Marah Braye, Chief Executive Officer, Biennale of Sydney, said: ‘We are delighted our 2012 Artistic Directors, Catherine de Zegher and Gerald McMaster, have chosen to include these exciting works in the 18th Biennale of Sydney and are pleased to be working with Carriageworks to help realise them.’
Carriageworks Director Lisa Havilah announced the projects last night as part of the launch of the 2012 artistic program that explores contemporary art and ideas through theatre, music, performance and visual arts.
Lisa Havilah said: ‘Carriageworks’ 2012 program marks a significant new chapter. For the first time, we will be producing more than two thirds of the annual artistic program both through collaboration with other arts institutions – including the renowned Biennale of Sydney – and of our own accord’.
The 18th Biennale of Sydney: all our relations and Carriageworks will present the Australian premieres of En Atendant and Cesena, two exciting performances by choreographer Anne Teresa De Keersmaeker’s dance ensemble Rosas.
En Atendant takes a new step in the exploration of combined music and dance, drawing inspiration from ars subtilior. This complex and intellectual form of polyphonic music developed out of the ruins of the plague in the fourteenth century, a time when the pillars of mediaeval society were fragmenting. De Keersmaeker explores questions of our mortality and physicality, that are now becoming ever more crucial, taking us to a place where twilight merges almost imperceptibly into night.
Cesena heralds the start to a new day and is choreographed by Anne Teresa De Keersmaeker in collaboration with musical director Björn Schmelzer and his ensemble graindelavoix. This new production might be called the counterpart to Rosas’ En Atendant. Performers share the stage, exploring the limits of their ability – where dancers sing and singers dance in dialogue with the scores of the ars subtilior. Rosas has collaborated with Ann Veronica Janssens for the set design, creating a sculpture of passing time, reflecting the constant transformation of what is around us but only becomes visible in the course of time.

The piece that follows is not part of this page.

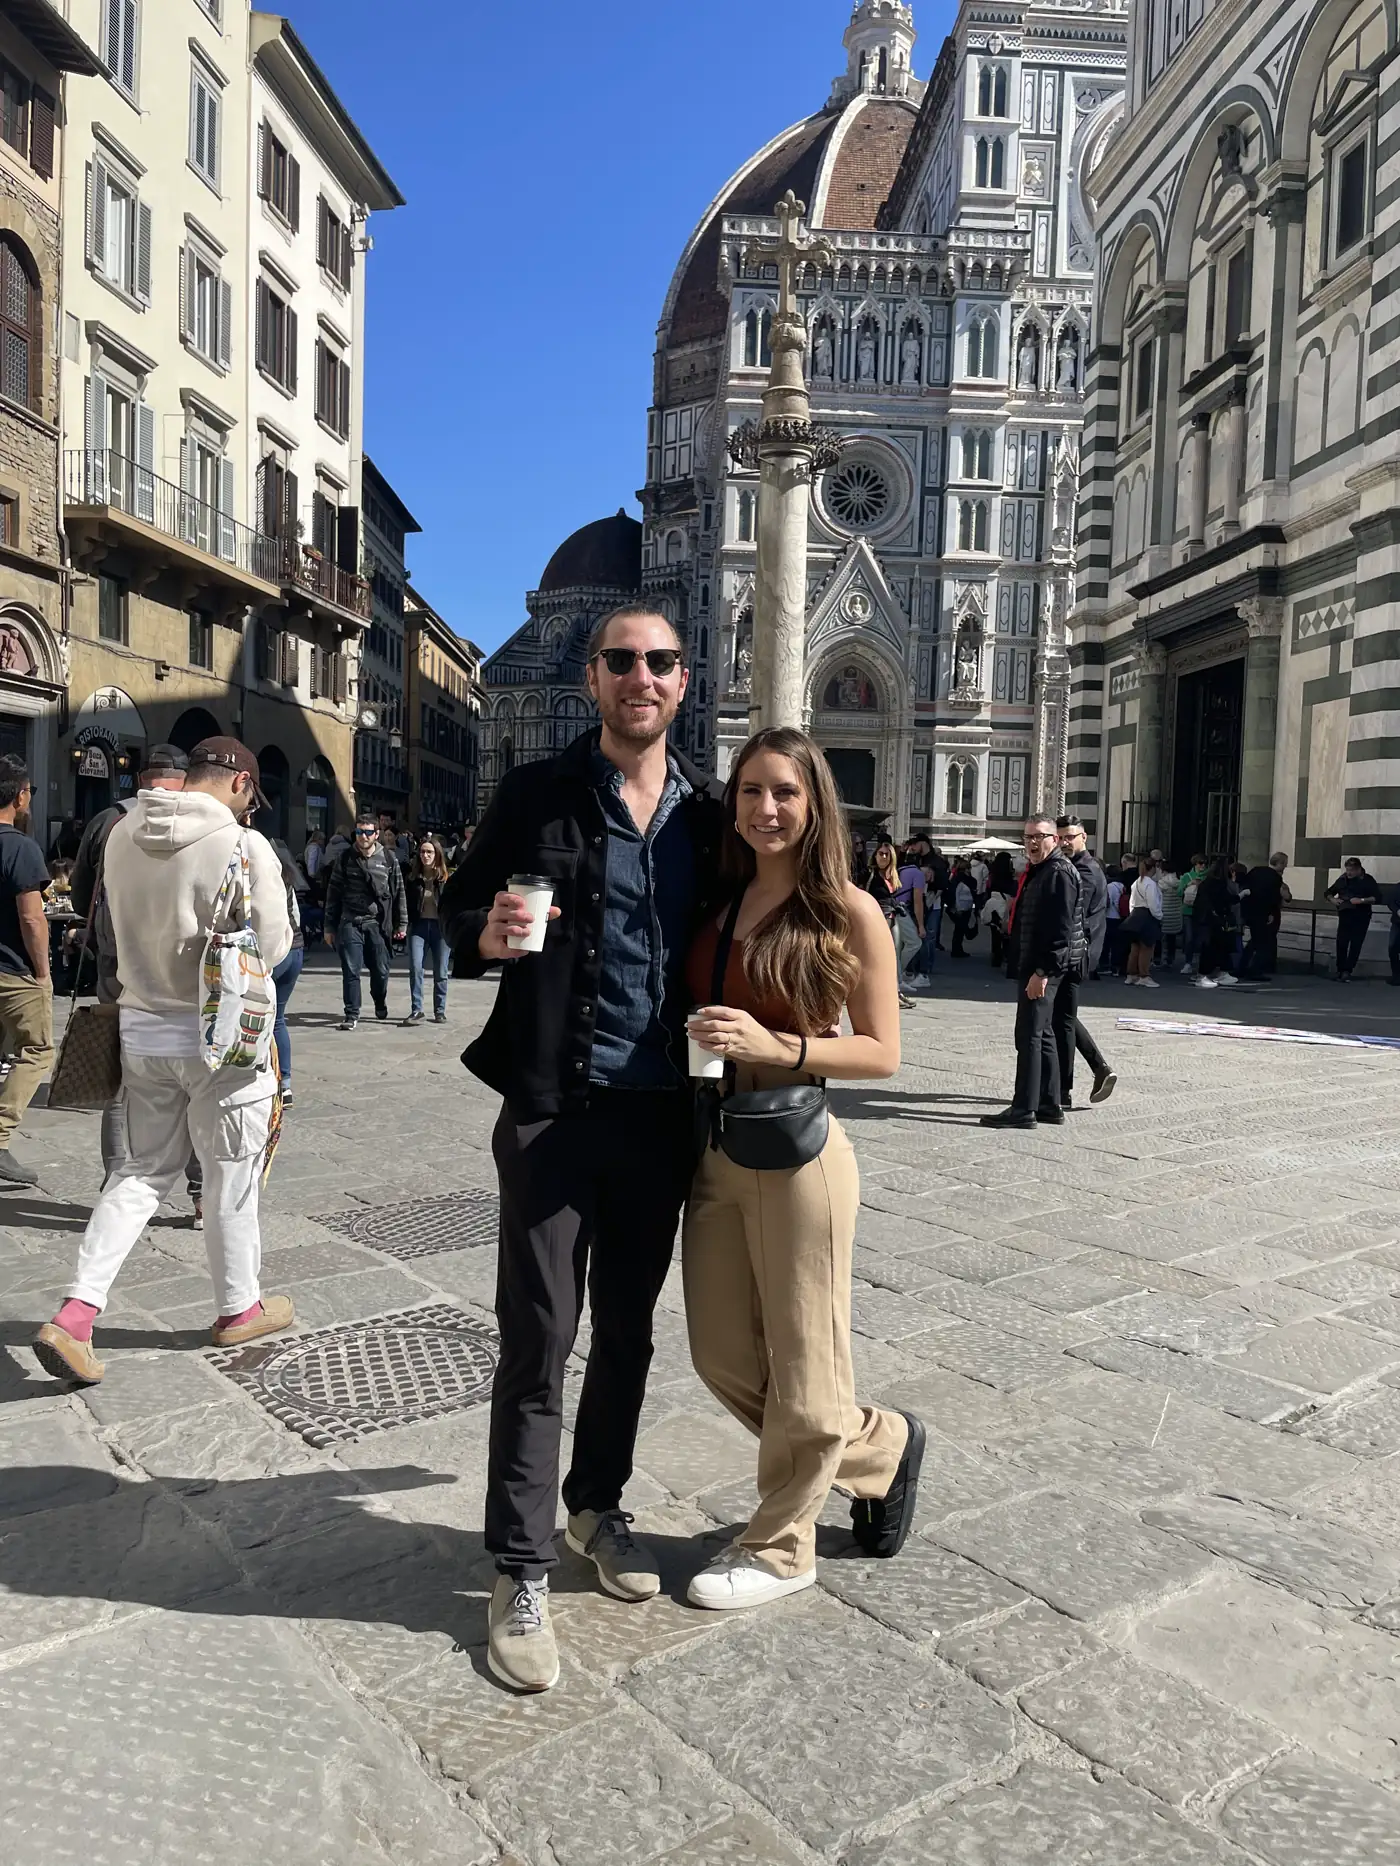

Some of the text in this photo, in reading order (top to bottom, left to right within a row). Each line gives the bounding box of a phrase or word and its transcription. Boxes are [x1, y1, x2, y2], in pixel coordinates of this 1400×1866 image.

The third work to be presented at Carriageworks as part of the 18th Biennale of Sydney: all our relations is a major installation from respected Belgian artist Ann Veronica Janssens. Janssens creates ‘propositions’ or ‘interventions’ in her installations that are based on the relation of time and space.
Through the use of light, artificial fog, projections and sound, Janssens’ work touches on experiencing the ungraspable. Her immersive environments and urban interventions invite viewers to cross the threshold into a new sensory space – on the border of dizziness and dazzlement.
Janssens’ work will be presented at Carriageworks from 27 June until 16 September 2012. En Atendant will be presented on 11 and 12 September and Cesena will be presented on 14 and 15 September 2012.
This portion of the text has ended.